Conference: CVPR 2026 arXiv: 2411.15087 Code: https://eronguyen.github.io/InstAlign Area: Image Segmentation Keywords: Generalized Referring Segmentation, Phrase-Instance Alignment, Instance-Level Reasoning, Multi-Target Segmentation, No-Target Detection

TL;DR

This paper proposes InstAlign, which reformulates Generalized Referring Expression Segmentation (GRES) as an instance-level reasoning problem. By introducing a Phrase-Object Alignment (POA) loss to establish fine-grained correspondences between linguistic phrases and visual instances, and employing a relevance-weighted aggregation mechanism to handle both multi-target and no-target scenarios in a unified manner, InstAlign achieves +3.22% cIoU and +12.25% N-acc improvements on gRefCOCO.

Background & Motivation

  1. Background: Generalized Referring Expression Segmentation (GRES) extends classical RES by requiring models to handle expressions such as "the two people on the left," "all the cars," or even "the elephant on the sofa" (where no elephant exists in the image)—descriptions that may correspond to multiple objects or none at all. Existing GRES methods (e.g., ReLA, LQMFormer, MABP) still follow region-based strategies, directly predicting a single binary foreground mask for the entire expression.

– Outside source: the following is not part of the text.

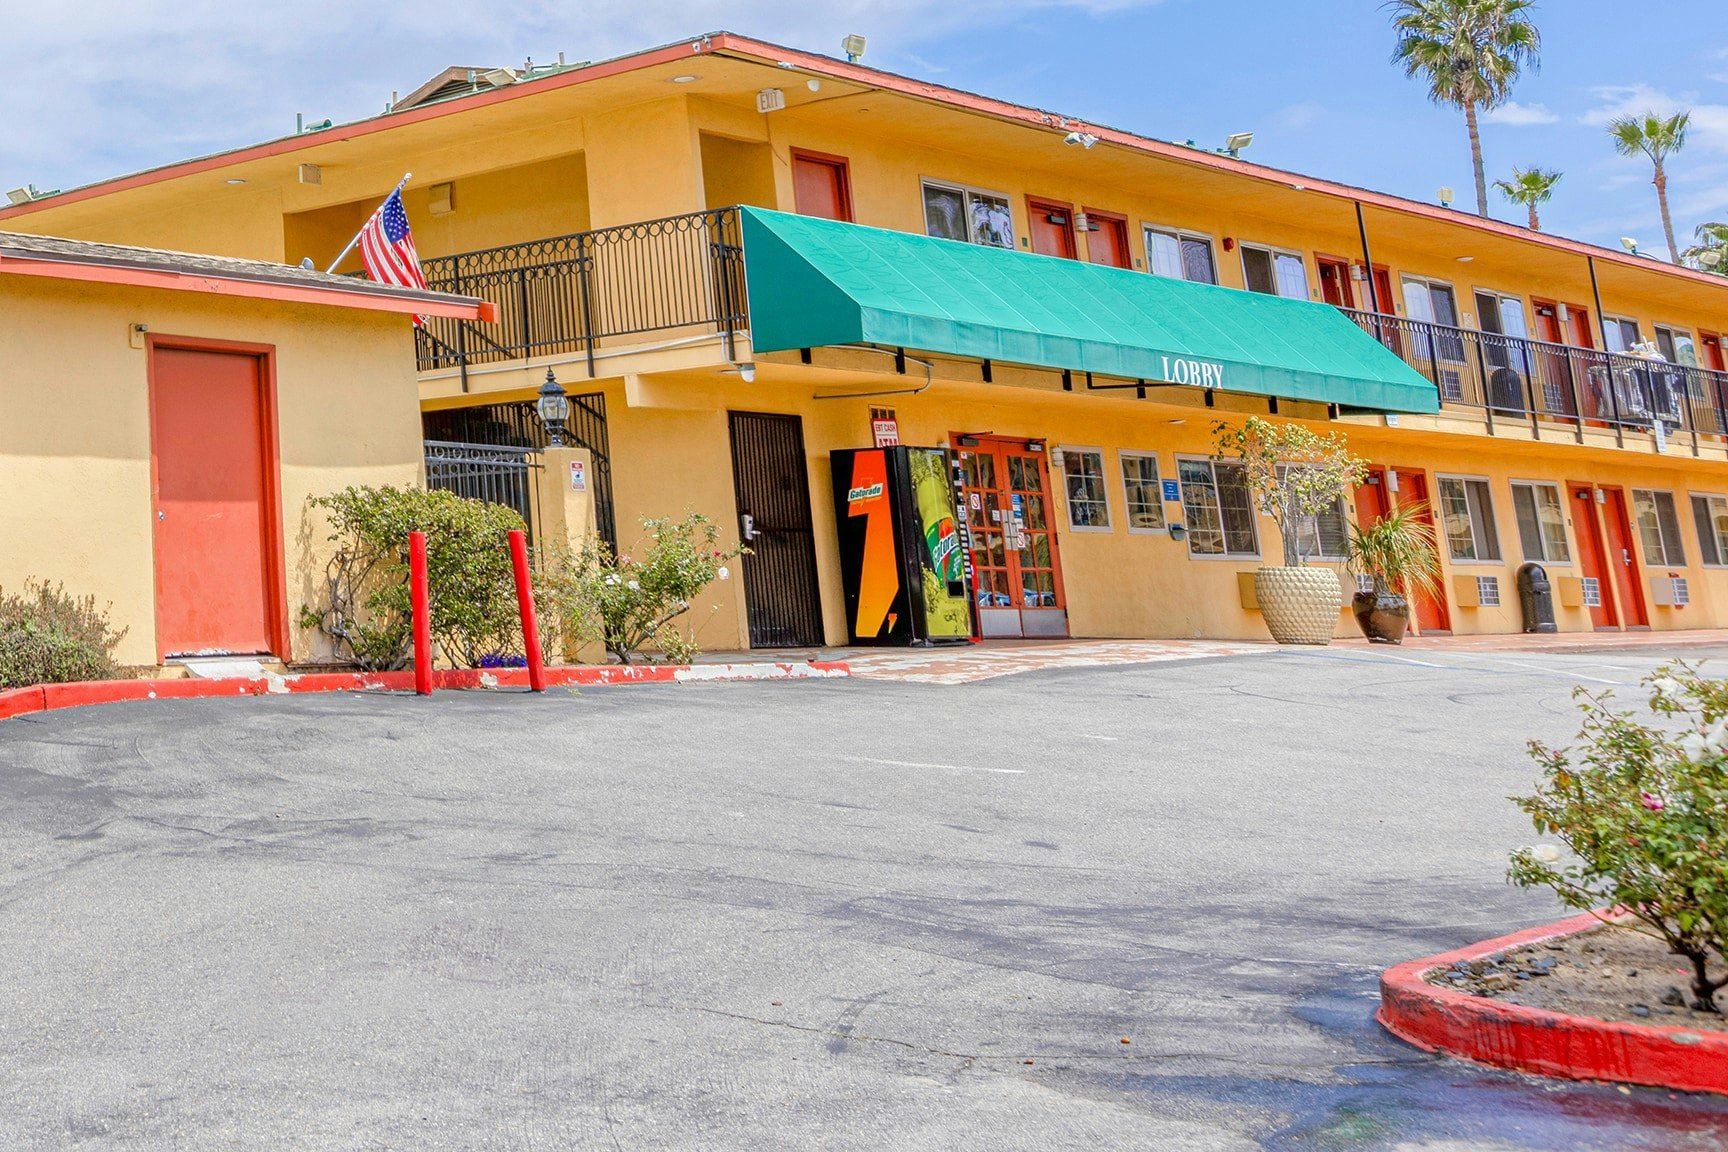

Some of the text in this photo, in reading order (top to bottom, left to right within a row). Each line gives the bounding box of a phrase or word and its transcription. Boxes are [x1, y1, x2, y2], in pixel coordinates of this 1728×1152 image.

  2. Limitations of Prior Work: This paradigm of predicting a single mask in one shot flattens the rich linguistic structure into an undifferentiated region—the model cannot distinguish which visual instances correspond to individual phrases within the same expression, leading to over- or under-segmentation of relevant instances. For example, given the expression "the two dogs on the left," existing methods tend to merge both dogs into a single blob or segment only one of them.

  3. Key Challenge: The fundamental issue is the absence of instance-level supervision. Although query-based architectures employ multiple object queries, supervision is applied only to the final merged mask. Individual queries are never forced to specialize to distinct instances, resulting in entangled and semantically ambiguous query representations.

  4. Goal: (a) How can each object query be made to automatically correspond to a unique visual instance? (b) How can explicit alignment be established between queries and individual phrases in the expression? (c) How can multi-target and no-target scenarios be handled within a unified inference framework?

  5. Key Insight: The authors observe that referring expressions naturally decompose into structured phrases (e.g., "left dog" vs. "right dog"). If a model first performs instance-aware segmentation and then conducts phrase alignment, interpretable and accurate segmentation can be achieved.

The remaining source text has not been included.